Work request » A faithful, complete copy of the entries below is required, with images removed.

Records from a collection »
[Start of section]
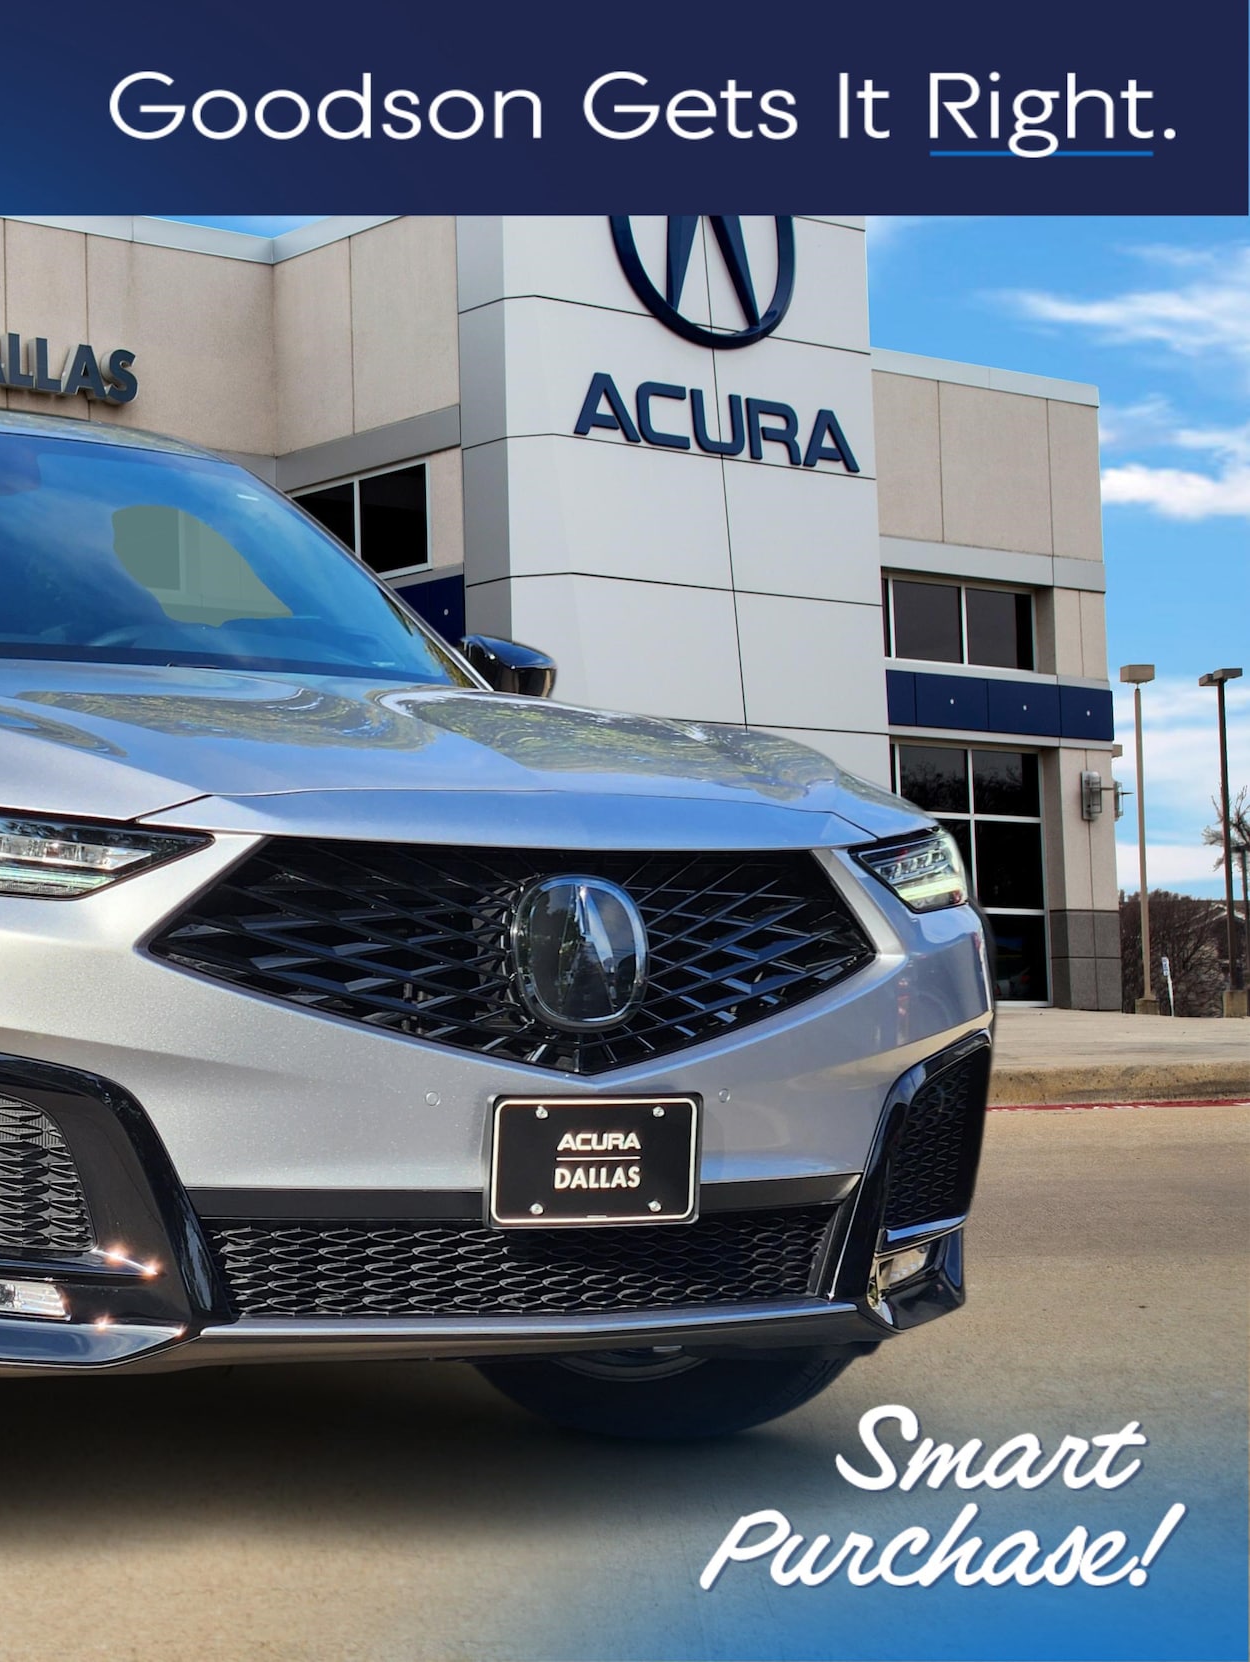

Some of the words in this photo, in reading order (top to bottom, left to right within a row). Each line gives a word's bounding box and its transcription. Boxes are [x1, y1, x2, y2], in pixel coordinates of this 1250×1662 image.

[573, 372, 860, 473] ACURA
[556, 1132, 642, 1151] ACURA
[554, 1165, 641, 1189] DALLAS
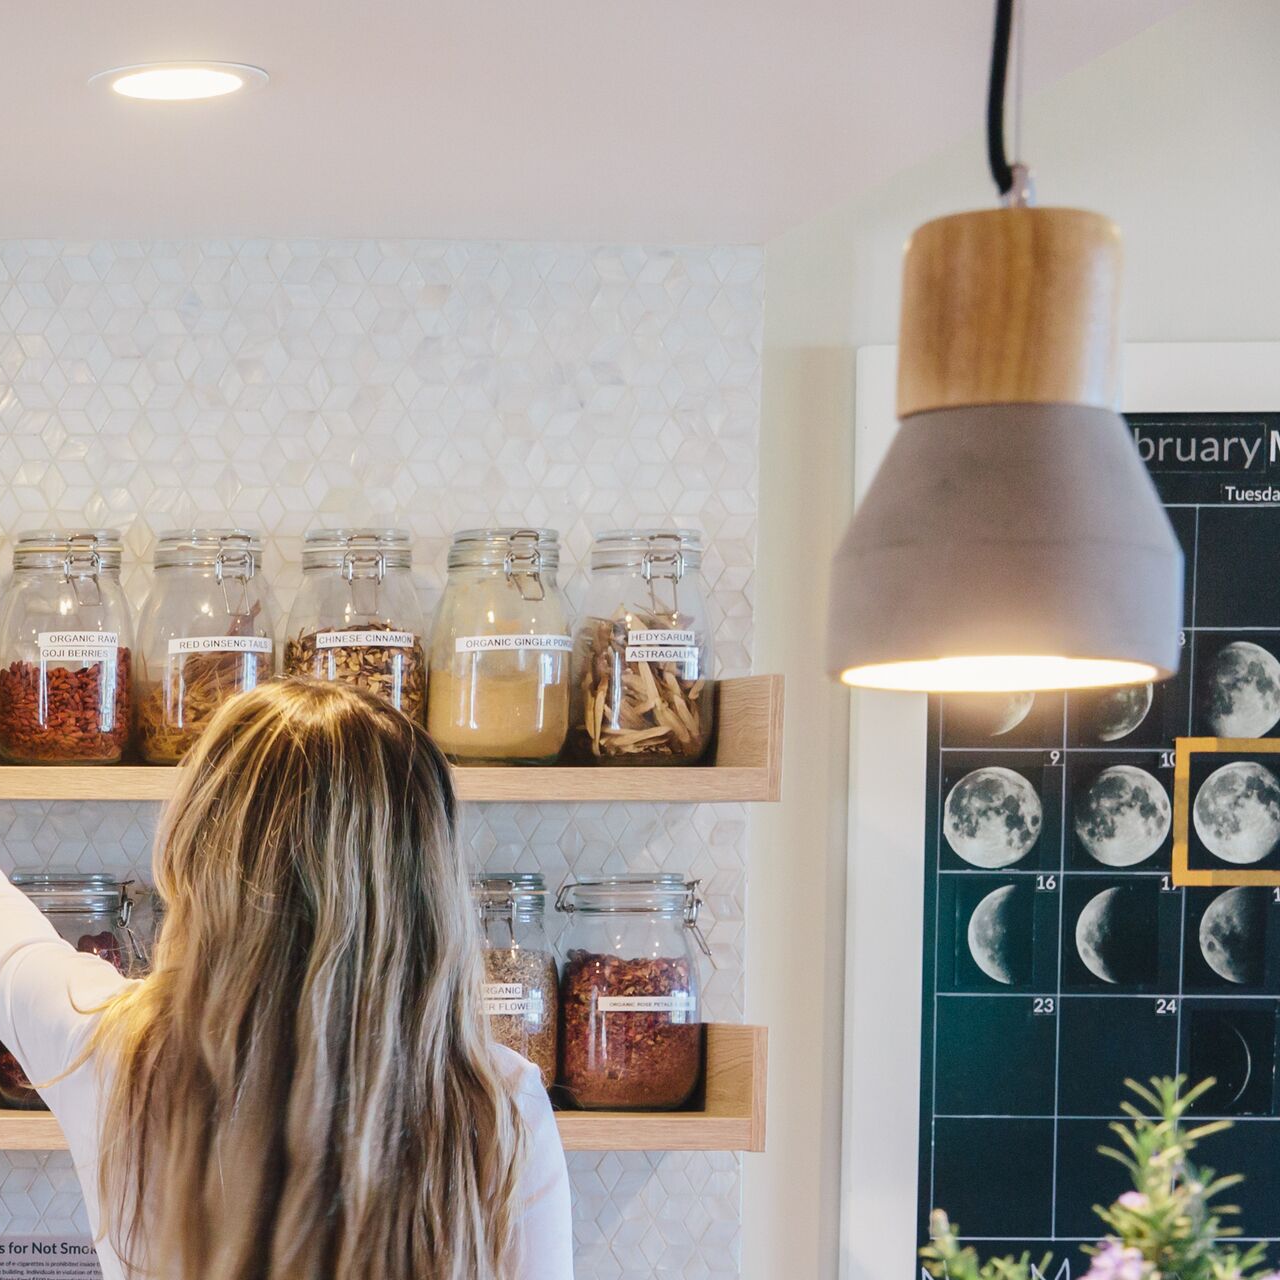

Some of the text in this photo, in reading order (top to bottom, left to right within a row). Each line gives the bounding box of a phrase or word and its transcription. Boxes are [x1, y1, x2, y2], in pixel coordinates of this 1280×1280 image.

[1134, 428, 1262, 469] bruary
[49, 635, 117, 644] ORGANIC RAW
[318, 634, 412, 644] CHINESE CINNAMON
[631, 633, 693, 642] HEDYSARUM
[179, 641, 200, 649] RED
[202, 640, 247, 649] GINSENG
[465, 639, 511, 648] ORGANIC
[514, 638, 552, 647] GINGER
[42, 649, 108, 658] GOJI BERRIES
[1050, 751, 1060, 766] 9
[1036, 875, 1056, 890] 16
[1161, 876, 1177, 891] 1
[485, 986, 521, 994] RGANIC
[1034, 999, 1177, 1014] 23 24
[8, 1241, 28, 1254] for
[31, 1242, 57, 1254] Not
[60, 1242, 97, 1255] Smok
[End of section]
Output for this task »
Some of the words in this photo, in reading order (top to bottom, left to right within a row). Each line gives a word's bounding box and its transcription. Boxes are [x1, y1, x2, y2], in pixel coordinates of this 1250×1662 image.

[573, 372, 860, 473] ACURA
[556, 1132, 642, 1151] ACURA
[554, 1165, 641, 1189] DALLAS

Some of the text in this photo, in reading order (top to bottom, left to right within a row). Each line gives the bounding box of a phrase or word and its transcription. Boxes are [x1, y1, x2, y2], in pixel coordinates of this 1280×1280 image.

[1134, 428, 1262, 469] bruary
[49, 635, 117, 644] ORGANIC RAW
[318, 634, 412, 644] CHINESE CINNAMON
[631, 633, 693, 642] HEDYSARUM
[179, 641, 200, 649] RED
[202, 640, 247, 649] GINSENG
[465, 639, 511, 648] ORGANIC
[514, 638, 552, 647] GINGER
[42, 649, 108, 658] GOJI BERRIES
[1050, 751, 1060, 766] 9
[1036, 875, 1056, 890] 16
[1161, 876, 1177, 891] 1
[485, 986, 521, 994] RGANIC
[1034, 999, 1177, 1014] 23 24
[8, 1241, 28, 1254] for
[31, 1242, 57, 1254] Not
[60, 1242, 97, 1255] Smok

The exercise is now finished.